▸ **Work required**: Once the pictures are set aside, reproduce the entries below exactly.

Spatial localization data
══════════════════════════════

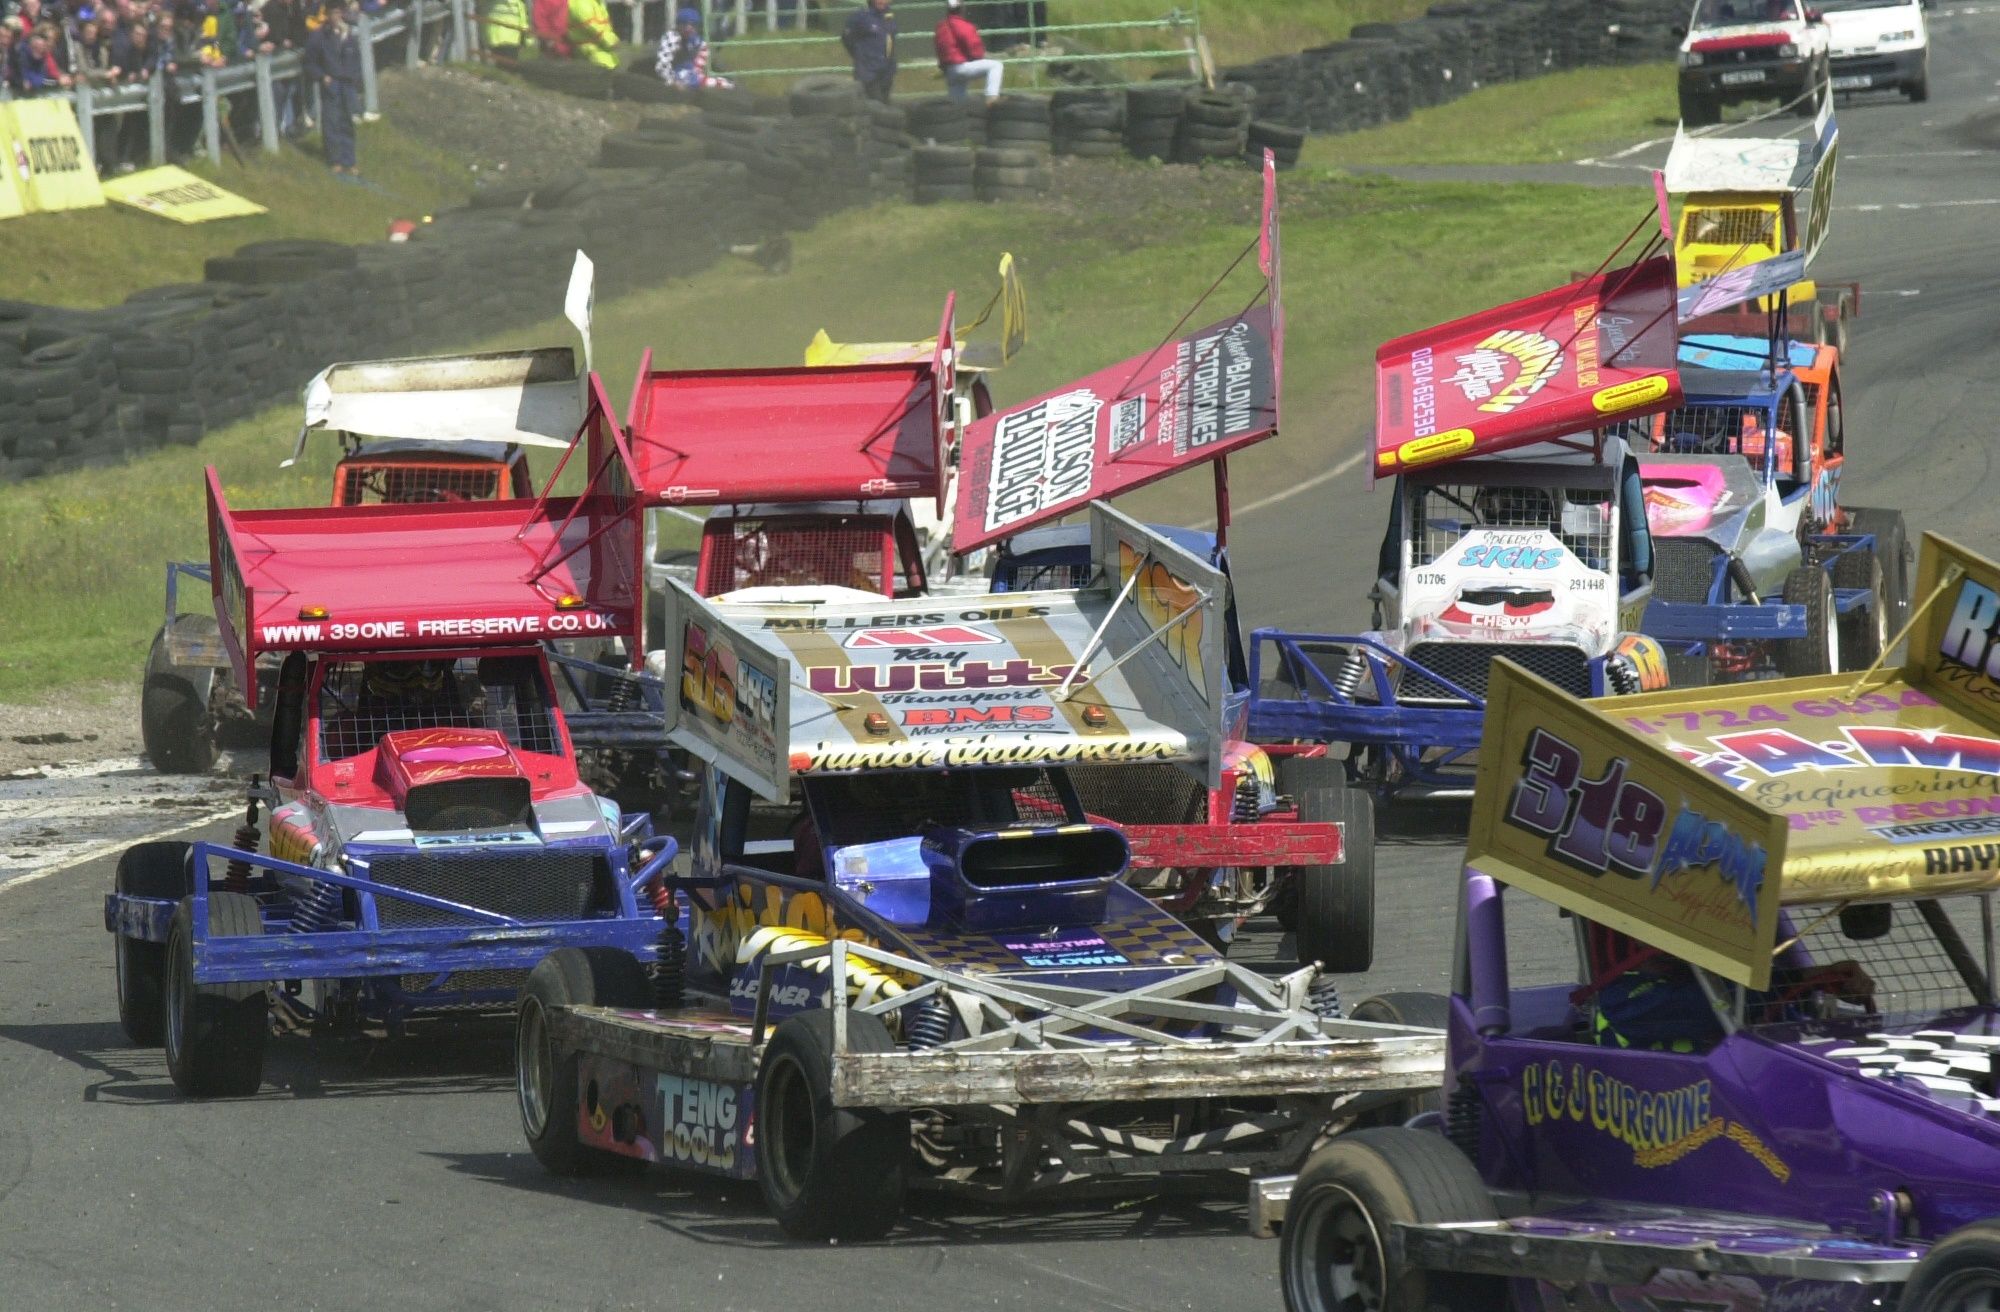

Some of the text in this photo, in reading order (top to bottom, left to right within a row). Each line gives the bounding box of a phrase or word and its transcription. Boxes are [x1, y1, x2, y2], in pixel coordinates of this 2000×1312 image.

[1192, 333, 1224, 446] MOTORHOMES
[1224, 360, 1251, 434] BALDWIN
[994, 401, 1048, 524] HAULAGE
[1049, 405, 1095, 502] WILSON
[1458, 545, 1563, 569] SIGNS
[1417, 574, 1446, 585] 01706
[262, 624, 325, 643] WWW.
[585, 612, 617, 631] UK
[762, 606, 1051, 630] MILLERS OILS
[1471, 614, 1531, 629] CHEVY
[1940, 577, 2000, 686] R
[892, 648, 970, 667] Ray
[880, 687, 1042, 706] Transport
[899, 705, 1056, 726] BMS
[1505, 727, 1668, 879] 318
[1756, 771, 2000, 809] Engineering
[1005, 938, 1106, 951] INJECTION
[1023, 955, 1129, 966] BLOWN
[657, 1071, 738, 1131] TENG
[1523, 1062, 1543, 1126] H
[1588, 1069, 1713, 1152] BURGOYNE

══════════════════════════════

▸ **Response below**:
Some of the text in this photo, in reading order (top to bottom, left to right within a row). Each line gives the bounding box of a phrase or word and its transcription. Boxes are [x1, y1, x2, y2], in pixel coordinates of this 2000×1312 image.

[1192, 333, 1224, 446] MOTORHOMES
[1224, 360, 1251, 434] BALDWIN
[994, 401, 1048, 524] HAULAGE
[1049, 405, 1095, 502] WILSON
[1458, 545, 1563, 569] SIGNS
[1417, 574, 1446, 585] 01706
[262, 624, 325, 643] WWW.
[585, 612, 617, 631] UK
[762, 606, 1051, 630] MILLERS OILS
[1471, 614, 1531, 629] CHEVY
[1940, 577, 2000, 686] R
[892, 648, 970, 667] Ray
[880, 687, 1042, 706] Transport
[899, 705, 1056, 726] BMS
[1505, 727, 1668, 879] 318
[1756, 771, 2000, 809] Engineering
[1005, 938, 1106, 951] INJECTION
[1023, 955, 1129, 966] BLOWN
[657, 1071, 738, 1131] TENG
[1523, 1062, 1543, 1126] H
[1588, 1069, 1713, 1152] BURGOYNE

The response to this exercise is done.